Quand le rêve devient réalité … pour le meilleur et pour le pire
Le concept de « metaverse » pour « meta-univers », tire son nom du roman dystopique de Neal Stephenson, Snow Crash (1992), en
français, Le Samouraï virtuel. Le héros y rejoint grâce à des lunettes connectées un espace virtuel collectif. Ce qui devrait bientôt se réaliser. De quoi effrayer quand on sait que ces scénarios fictifs ont pour objectif de prévenir la société des dérives scientifiques. Le baptême d’un tel projet par son démiurge inaugure donc un monde aux frontières encore inviolées mais pour autant sans limites. Espace et temps sont en effet abolis. Le nouveau logo, rappelant le symbole infini en témoigne.
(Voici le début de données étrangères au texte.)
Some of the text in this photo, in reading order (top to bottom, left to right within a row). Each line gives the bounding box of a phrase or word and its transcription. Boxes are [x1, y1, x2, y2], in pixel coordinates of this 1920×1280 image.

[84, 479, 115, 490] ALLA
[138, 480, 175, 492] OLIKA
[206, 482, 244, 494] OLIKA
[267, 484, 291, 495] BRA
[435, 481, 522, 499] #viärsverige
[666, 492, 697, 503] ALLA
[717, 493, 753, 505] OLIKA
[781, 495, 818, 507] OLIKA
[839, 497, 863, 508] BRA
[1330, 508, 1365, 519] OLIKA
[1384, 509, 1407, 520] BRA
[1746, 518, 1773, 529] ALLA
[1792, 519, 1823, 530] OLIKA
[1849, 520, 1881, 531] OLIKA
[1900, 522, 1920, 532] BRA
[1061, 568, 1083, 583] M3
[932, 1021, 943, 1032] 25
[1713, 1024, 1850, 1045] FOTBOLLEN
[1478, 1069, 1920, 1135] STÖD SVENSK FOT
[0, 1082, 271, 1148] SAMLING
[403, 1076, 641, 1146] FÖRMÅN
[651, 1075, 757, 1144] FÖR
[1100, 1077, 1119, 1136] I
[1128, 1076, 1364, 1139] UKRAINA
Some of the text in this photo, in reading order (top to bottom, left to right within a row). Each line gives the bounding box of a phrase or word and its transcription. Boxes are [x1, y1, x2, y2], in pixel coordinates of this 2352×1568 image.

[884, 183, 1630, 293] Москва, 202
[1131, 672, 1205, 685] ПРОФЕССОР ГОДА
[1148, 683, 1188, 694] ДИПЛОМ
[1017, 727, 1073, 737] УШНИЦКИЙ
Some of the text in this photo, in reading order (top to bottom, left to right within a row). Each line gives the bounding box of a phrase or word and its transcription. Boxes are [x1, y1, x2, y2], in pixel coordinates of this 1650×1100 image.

Une référence au gigantesque projet du fondateur
Le metaverse est en effet l’entreprise prométhéenne qui devrait mener au recrutement de millions de personnes dont 10 000 provenant de l’Union Européenne. Le « metaverse », serait une sorte « d’internet incarné ». L’homme n’y serait plus seulement « consommateur de contenus » mais « acteur d’expériences ». Dans ce monde immersif, brouillant les frontières du réel et du virtuel, boire un verre avec des amis situés à des milliers de kilomètres, faire du sport à distance et en conditions réelles sera désormais possible et facile. «Le métaverse est la prochaine frontière. C’est la promesse ultime, qui permettra de rapprocher les gens, d’avoir une sensation de présence, de pouvoir se téléporter n’importe où » a déclaré le porteur du projet. Projet séduisant mais alarmant quand on mesure les enjeux sous-jacents.
Le metaverse, un projet qui dévoie l’essence même du rapport au monde et aux autres
« La qualité essentielle du métaverse sera la présence — le sentiment de vraiment être là avec les gens » annonçait déjà en juillet Mark Zuckerberg sur son compte Facebook. Comment ne pas s’inquiéter de ce que les « sentiments », les sensations, prendront le pas sur la réalité ? Descartes était bien le premier à s’inquiéter de la tromperie des sens dans ses Méditations métaphysiques. Aujourd’hui on la provoque, avec pour seul levier le plaisir. Changement de société : on s’efforçait auparavant d’aller au-delà des apparences, aujourd’hui on accourt au-devant, à coup de réalité virtuelle (VR) ou réalité augmentée (AR). On ne veut pas la vérité du réel, on la fuit.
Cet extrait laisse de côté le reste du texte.